> **Available data**
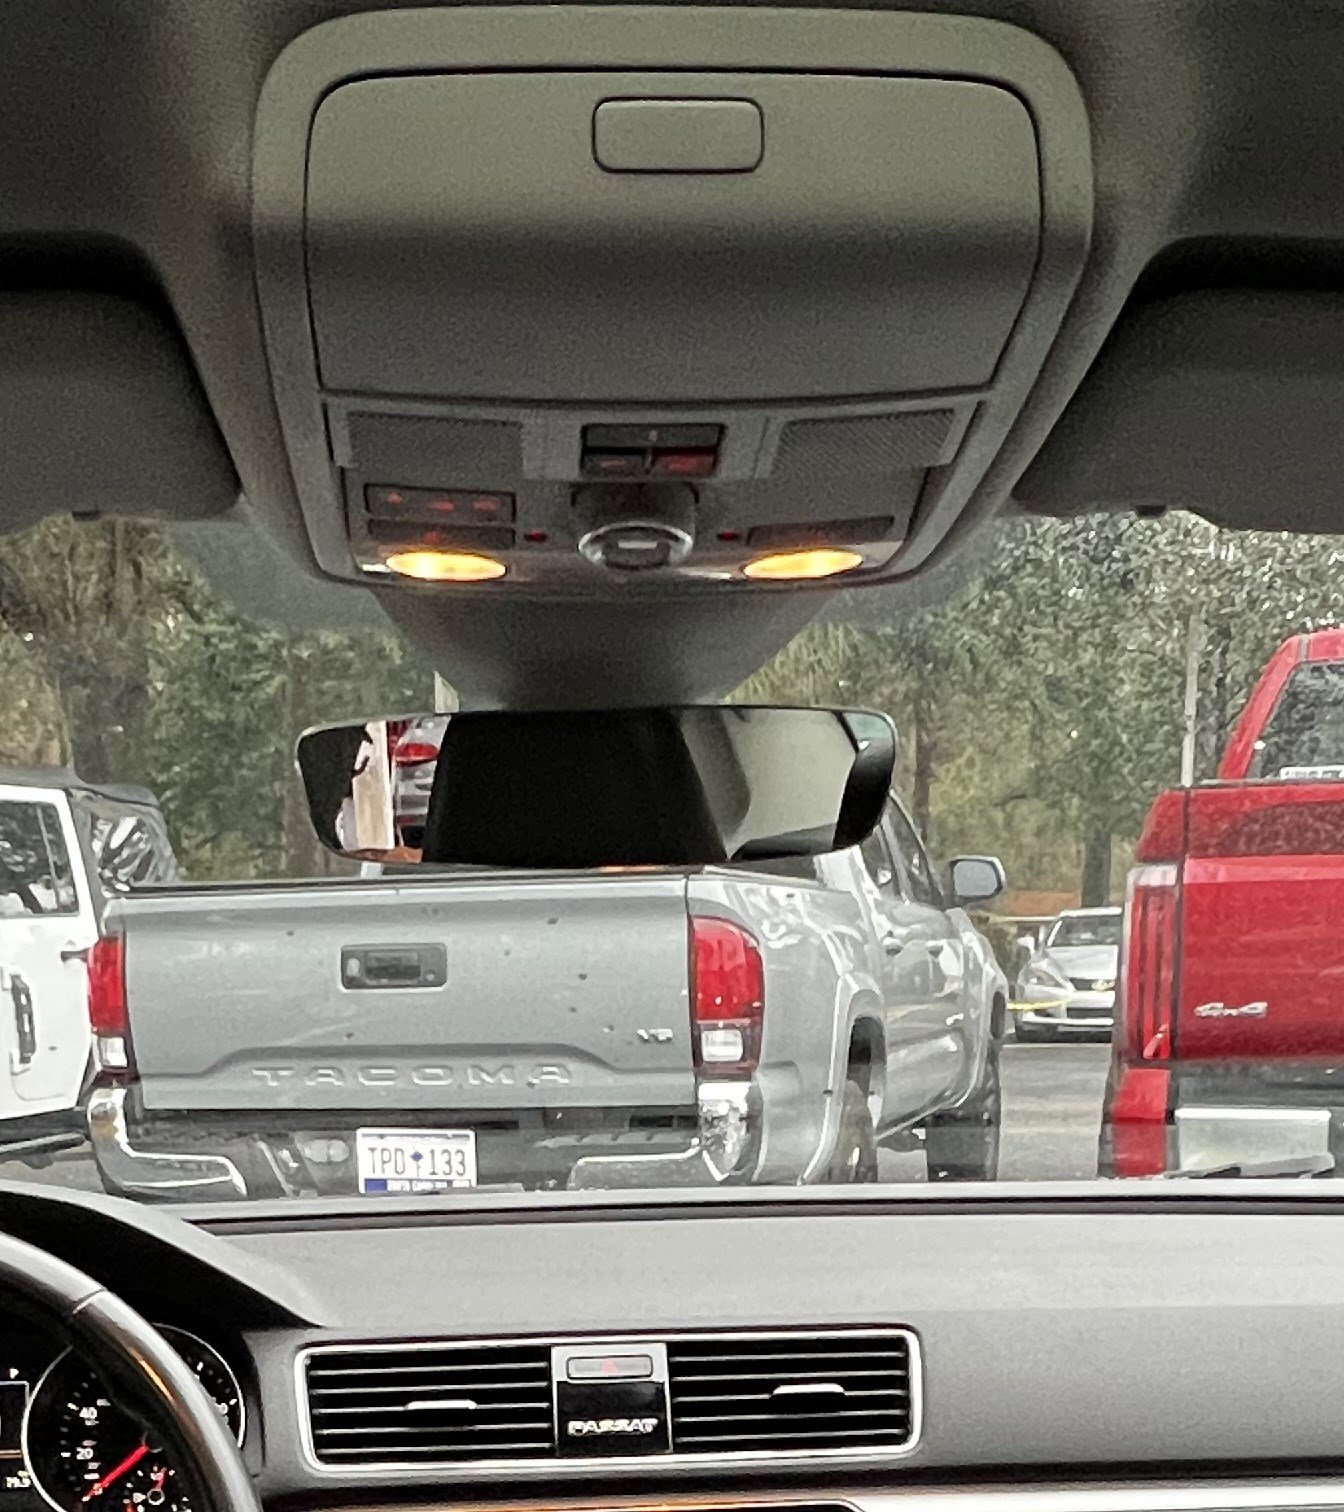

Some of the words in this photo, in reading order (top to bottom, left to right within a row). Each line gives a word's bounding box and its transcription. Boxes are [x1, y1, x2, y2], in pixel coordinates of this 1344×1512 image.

[252, 1064, 571, 1087] TACOMA
[428, 1148, 466, 1176] 133
[567, 1418, 659, 1436] PASSAT
[76, 1447, 94, 1460] 20
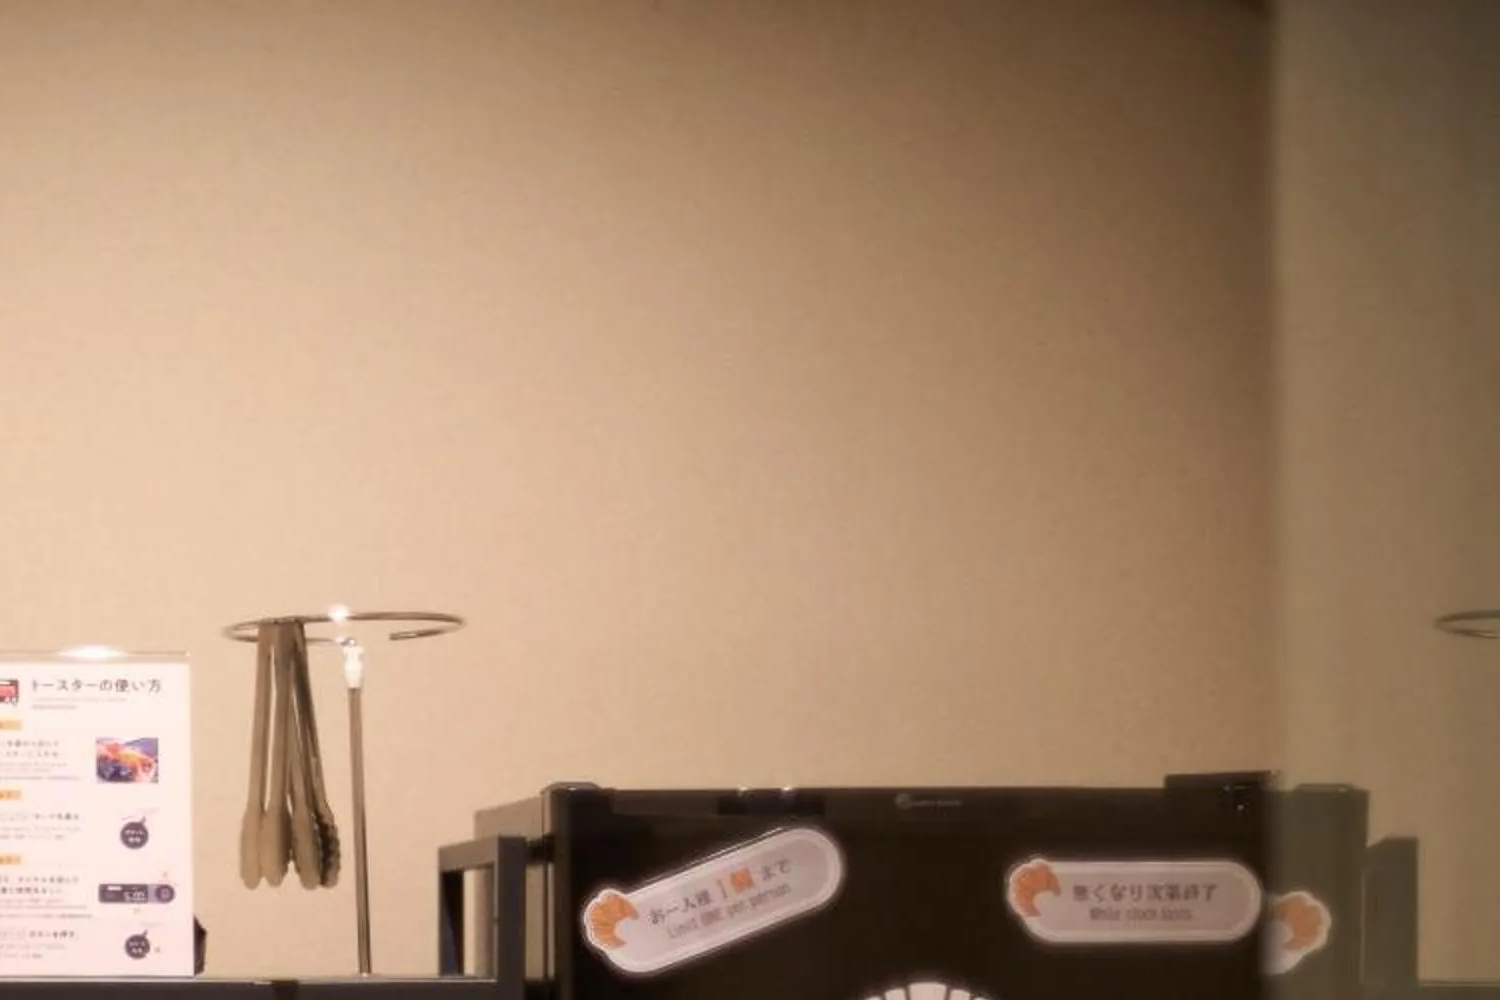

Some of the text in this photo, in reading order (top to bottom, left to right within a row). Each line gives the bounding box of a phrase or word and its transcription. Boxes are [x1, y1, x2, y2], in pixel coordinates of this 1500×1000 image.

[31, 678, 161, 693] トースターの使い方

> **How to complete this task**
Each line from the one containing "Some of the text" through the last line of the entries above is to be returned exactly, and no others.

> **Solution for this task**
Some of the text in this photo, in reading order (top to bottom, left to right within a row). Each line gives the bounding box of a phrase or word and its transcription. Boxes are [x1, y1, x2, y2], in pixel coordinates of this 1500×1000 image.

[31, 678, 161, 693] トースターの使い方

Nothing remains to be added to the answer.